Citrix Cloud

ワークスペース認証でAzure AD IDとAzure Active Directory IDを使用してSAMLを構成する

この記事では、AD IDの代わりにAzure Active Directory(AD)IDを使用するSAMLをワークスペース認証用に構成する方法について説明します。Azure ADユーザーがデフォルトのSAML動作でCitrix Workspaceにサインインした後、Windows 365クラウドPCまたはAzure ADドメインに参加しているVDAを列挙できない場合は、この構成を使用します。構成が完了すると、ユーザーはSAML認証を使用してCitrix Workspaceにサインインすることで、Citrix DaaS経由でHDXアプリとデスクトップに、およびAzure経由でWindows 365クラウドPCに、それぞれアクセスできるようになります。

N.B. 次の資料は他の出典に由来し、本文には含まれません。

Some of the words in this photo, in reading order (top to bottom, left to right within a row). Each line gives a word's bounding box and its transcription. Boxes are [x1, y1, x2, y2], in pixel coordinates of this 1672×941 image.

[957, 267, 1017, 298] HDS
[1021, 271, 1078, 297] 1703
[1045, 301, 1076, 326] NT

Citrix Workspaceに対するCitrix CloudおよびSAML認証のデフォルトの動作は、ADユーザーIDに対してアサートすることです。この記事で説明されている構成では、Azure AD Connectを使用してAD IDをAzure ADにインポートする必要があります。AD IDにはユーザーのSIDが含まれており、Citrix WorkspaceがCitrix DaaSに送信することで、HDXリソースを列挙して起動できるようになります。ユーザーIDのAzure ADバージョンが使用されるため、ユーザーはCitrix Workspace内から、Windows 365クラウドPCなどのAzureリソースを列挙して起動することもできます。

重要:

列挙とは、ユーザーがCitrix Workspaceにサインインした後に表示されるリソースのリストのことです。特定のユーザーがアクセスを許可されるリソースは、そのユーザーのIDと、Citrix DaaSでそのIDにどのリソースが関連付けられているかによって異なります。Workspaceへの認証のためのSAMLプロバイダーとしてAzure AD IDおよびAD IDを利用する手順を説明する関連記事があります。詳しい手順については、「ワークスペース認証でAzure AD IDとAzure Active Directory IDを使用してSAMLを構成する」を参照してください

機能範囲

この記事は、Citrix Cloudの機能とAzureの機能を次のように組み合わせて使用するユーザーに適用できます:

  • ワークスペースのSAML認証
  • ADドメインに参加しているVDAを使用して公開されたリソースのCitrix DaaSおよびHDXリソース列挙
  • Azure ADドメインに参加しているVDAリソースの列挙
  • Azureハイブリッドドメインに参加しているVDAリソースの列挙
  • W365クラウドPCの列挙と起動

重要:

Citrix CloudへのSAMLログインにはこのAAD SAMLフローを使用しないでください。この場合、Citrix Cloud管理者ユーザーがADグループのメンバーである必要があり、ADユーザーIDを使用する必要があるためです。詳しい手順については、「ワークスペース認証でAzure AD IDとAzure Active Directory IDを使用してSAMLを構成する」を参照してください

AD IDとAzure AD IDのどちらが最適か

管理対象のワークスペースユーザーにSAML ADまたはSAML Azure AD IDのどちらで認証させるかを判断するには、次のようにします:

  1. Citrix Workspaceでユーザーが利用できるようにするリソースの組み合わせを決定します。
  2. 次の表を使用して、リソースの種類ごとにどの種類のユーザー ID が適切かを判断します。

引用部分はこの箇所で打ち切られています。